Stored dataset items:
------------
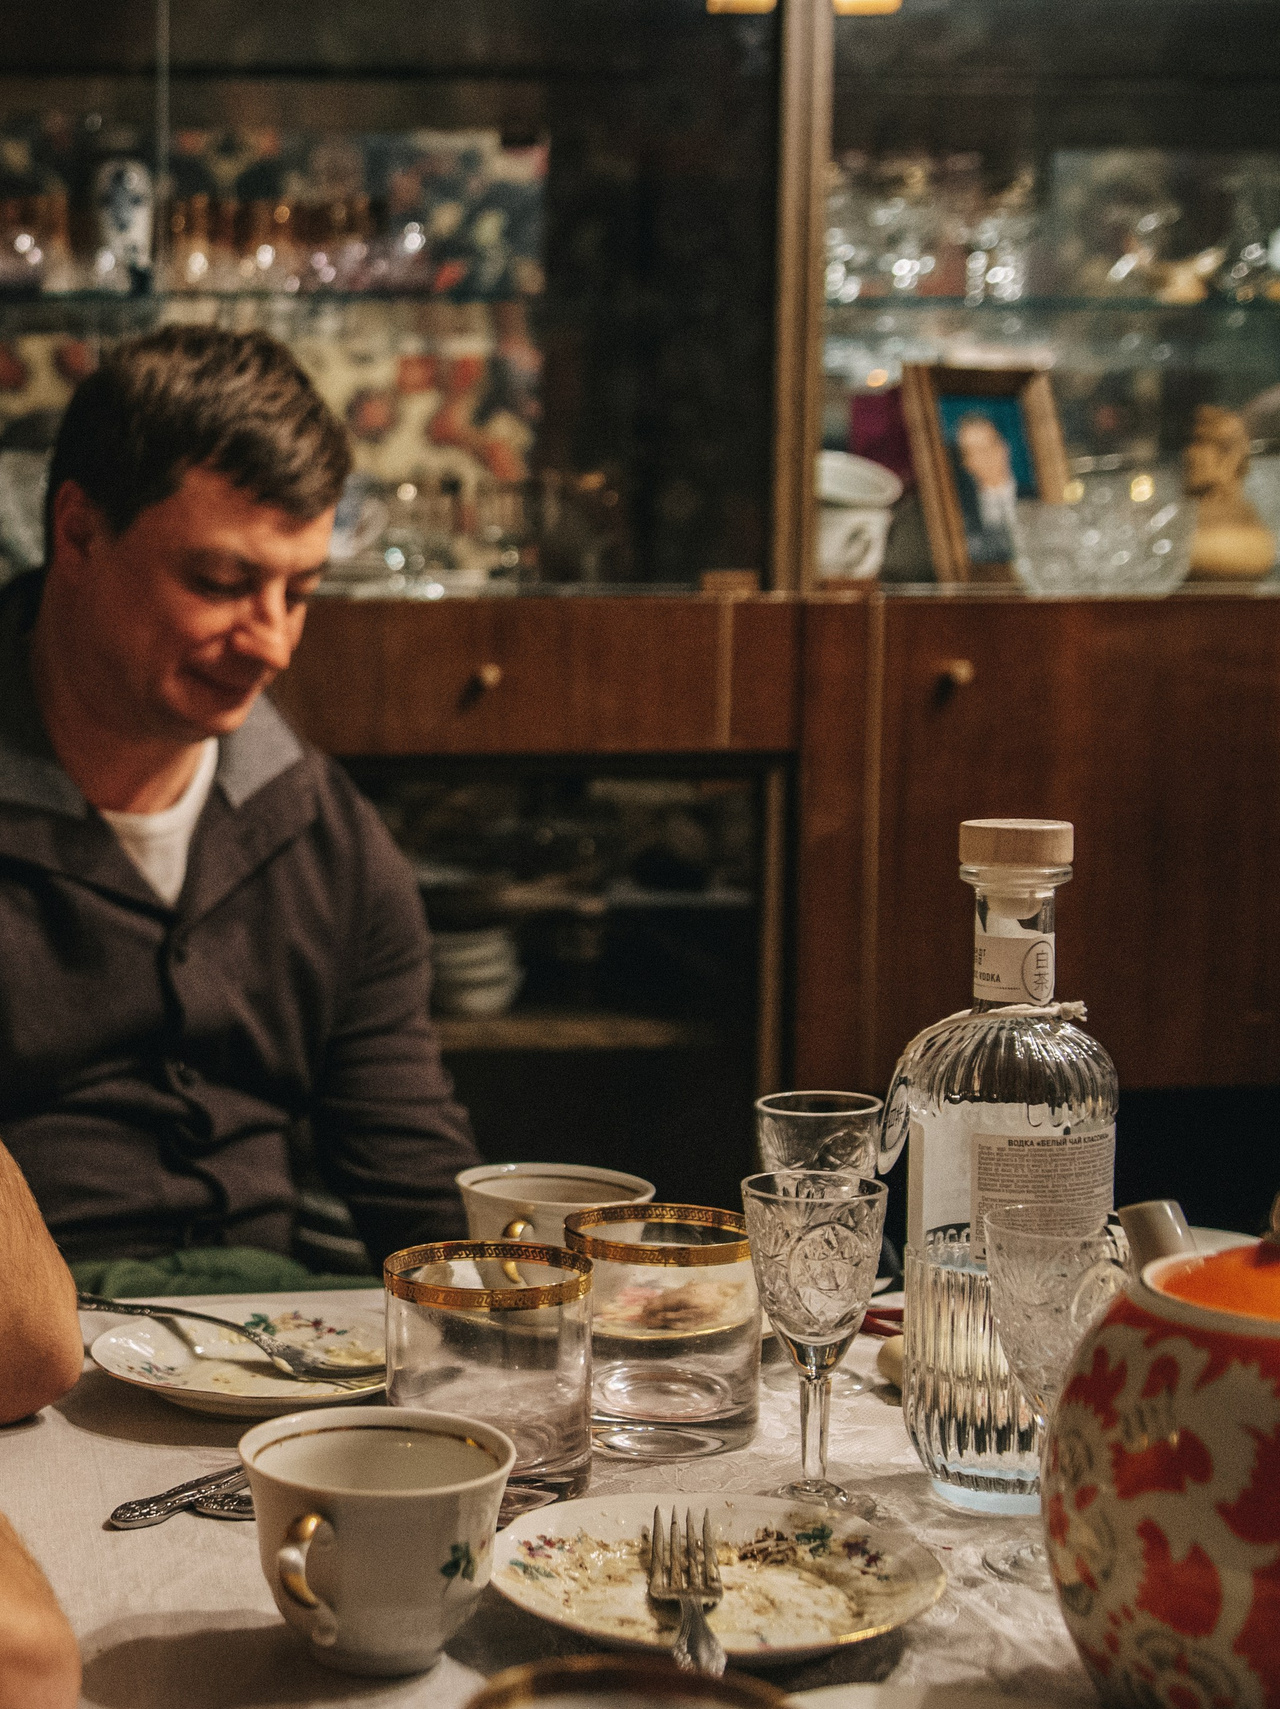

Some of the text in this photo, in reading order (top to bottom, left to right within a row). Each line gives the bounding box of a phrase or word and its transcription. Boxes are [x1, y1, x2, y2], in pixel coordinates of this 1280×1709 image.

[979, 971, 1001, 983] VODKA
[1008, 1139, 1035, 1147] ВОДКА
[1069, 1136, 1082, 1145] ЧАЙ
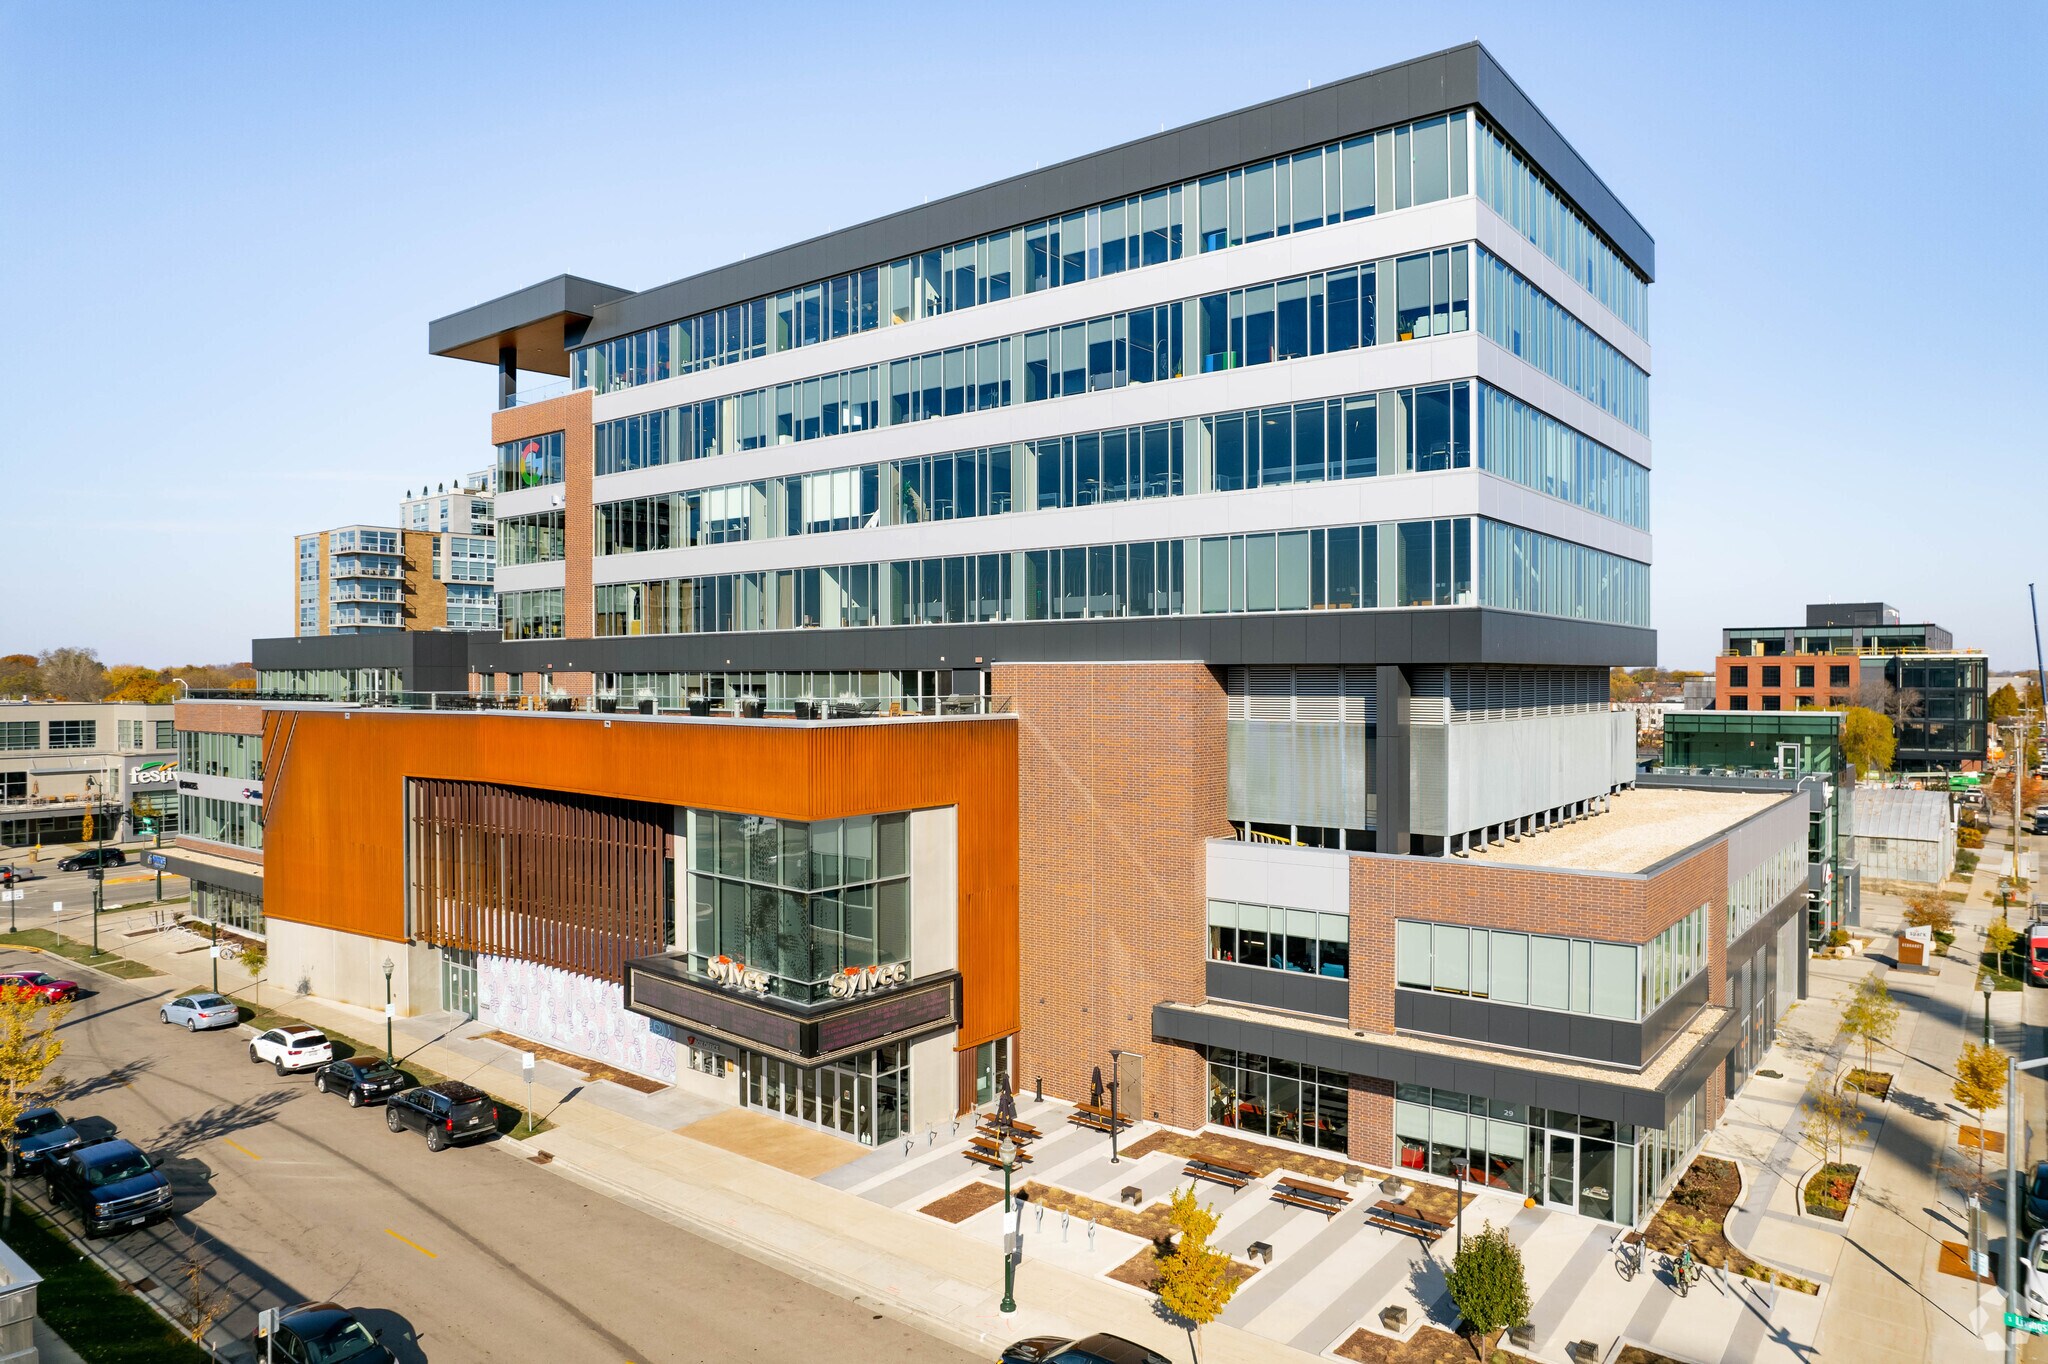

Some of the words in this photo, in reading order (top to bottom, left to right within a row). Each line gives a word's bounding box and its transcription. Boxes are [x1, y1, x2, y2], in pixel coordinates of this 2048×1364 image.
------------
Your copy should match the records word for word, with the pictures removed.

**Finished exercise:**
Some of the text in this photo, in reading order (top to bottom, left to right within a row). Each line gives the bounding box of a phrase or word and its transcription. Boxes are [x1, y1, x2, y2], in pixel coordinates of this 1280×1709 image.

[979, 971, 1001, 983] VODKA
[1008, 1139, 1035, 1147] ВОДКА
[1069, 1136, 1082, 1145] ЧАЙ

Some of the words in this photo, in reading order (top to bottom, left to right within a row). Each line gives a word's bounding box and its transcription. Boxes are [x1, y1, x2, y2], in pixel coordinates of this 2048×1364 image.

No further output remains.